Exercise directions: Your job is to retype the records exactly while dropping every picture.

Text-to-region grounding data:
= = = = = = =

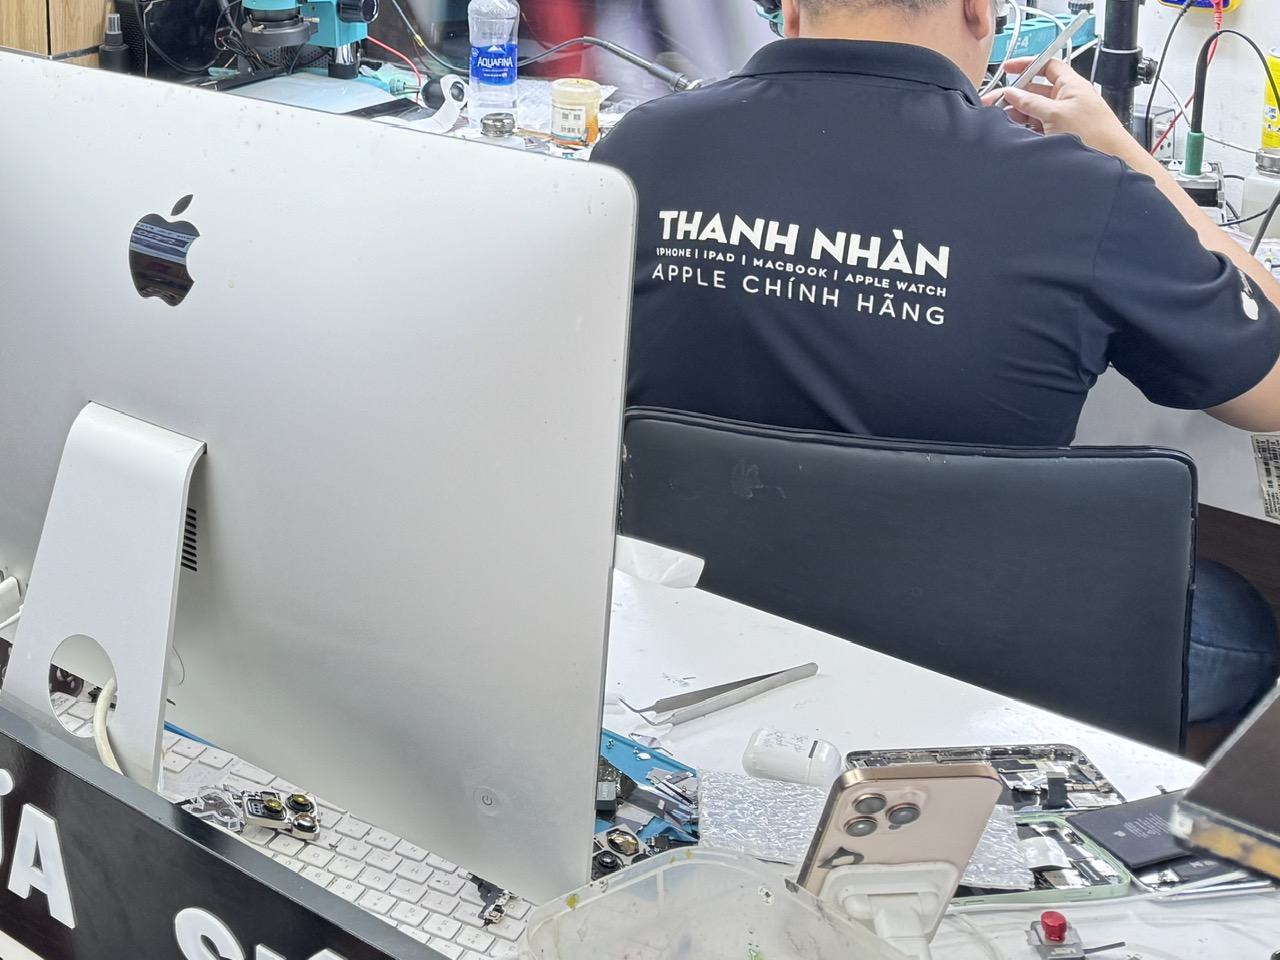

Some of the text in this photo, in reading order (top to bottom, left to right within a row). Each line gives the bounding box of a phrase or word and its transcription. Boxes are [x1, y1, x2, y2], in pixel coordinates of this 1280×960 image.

[477, 56, 513, 68] AQUAFINA
[656, 247, 692, 258] IPHONE
[703, 250, 735, 262] IPAD
[753, 258, 827, 278] MACBOOK
[844, 273, 890, 288] APPLE
[896, 280, 947, 297] WATCH
[659, 210, 950, 279] THANH NHÀN
[652, 263, 945, 325] APPLE CHÍNH HÃNG
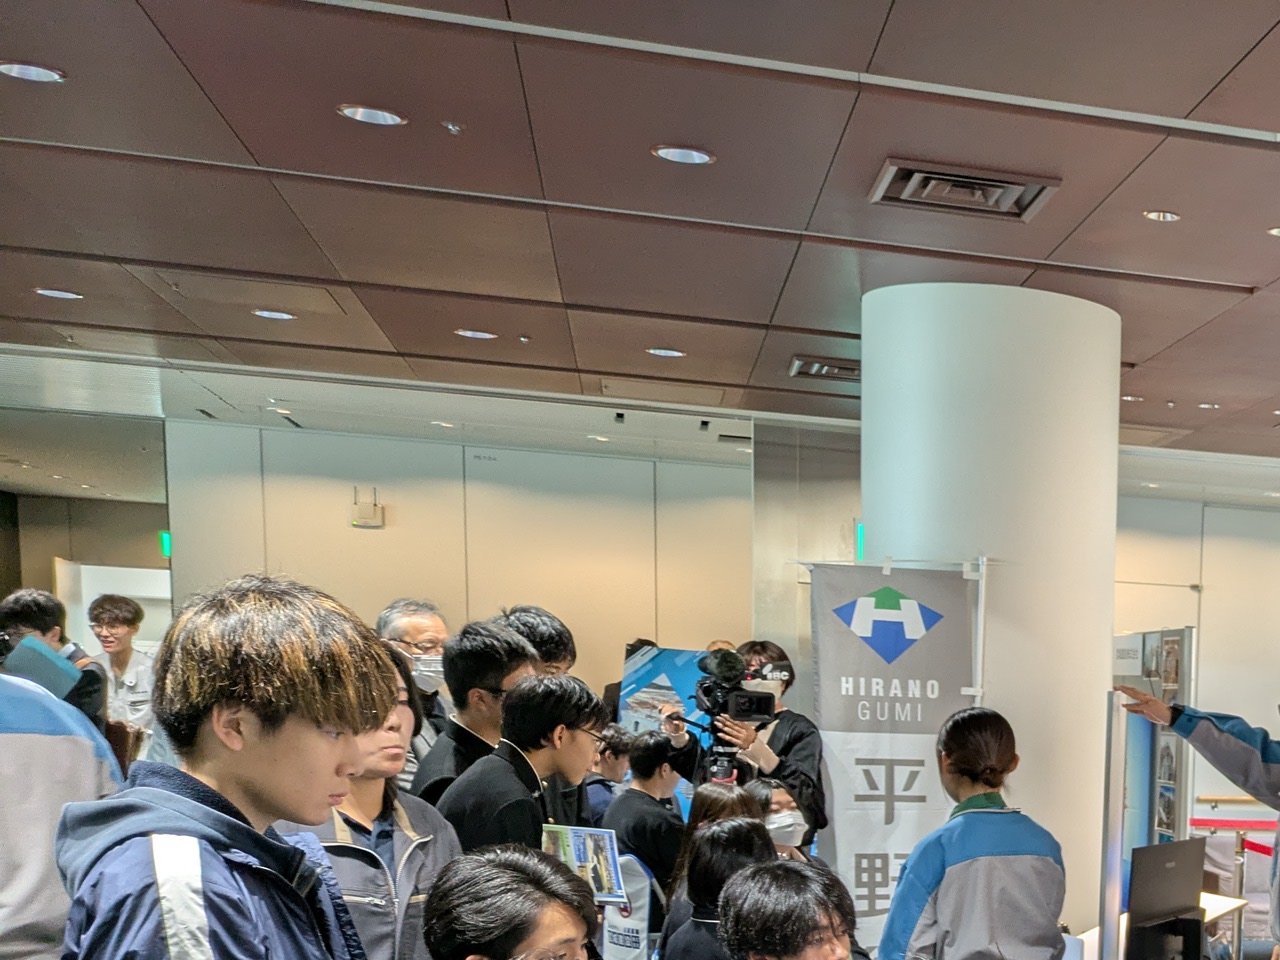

= = = = = = =

Reply:
Some of the text in this photo, in reading order (top to bottom, left to right within a row). Each line gives the bounding box of a phrase or word and its transcription. Boxes are [x1, y1, x2, y2], in pixel coordinates of this 1280×960 image.

[477, 56, 513, 68] AQUAFINA
[656, 247, 692, 258] IPHONE
[703, 250, 735, 262] IPAD
[753, 258, 827, 278] MACBOOK
[844, 273, 890, 288] APPLE
[896, 280, 947, 297] WATCH
[659, 210, 950, 279] THANH NHÀN
[652, 263, 945, 325] APPLE CHÍNH HÃNG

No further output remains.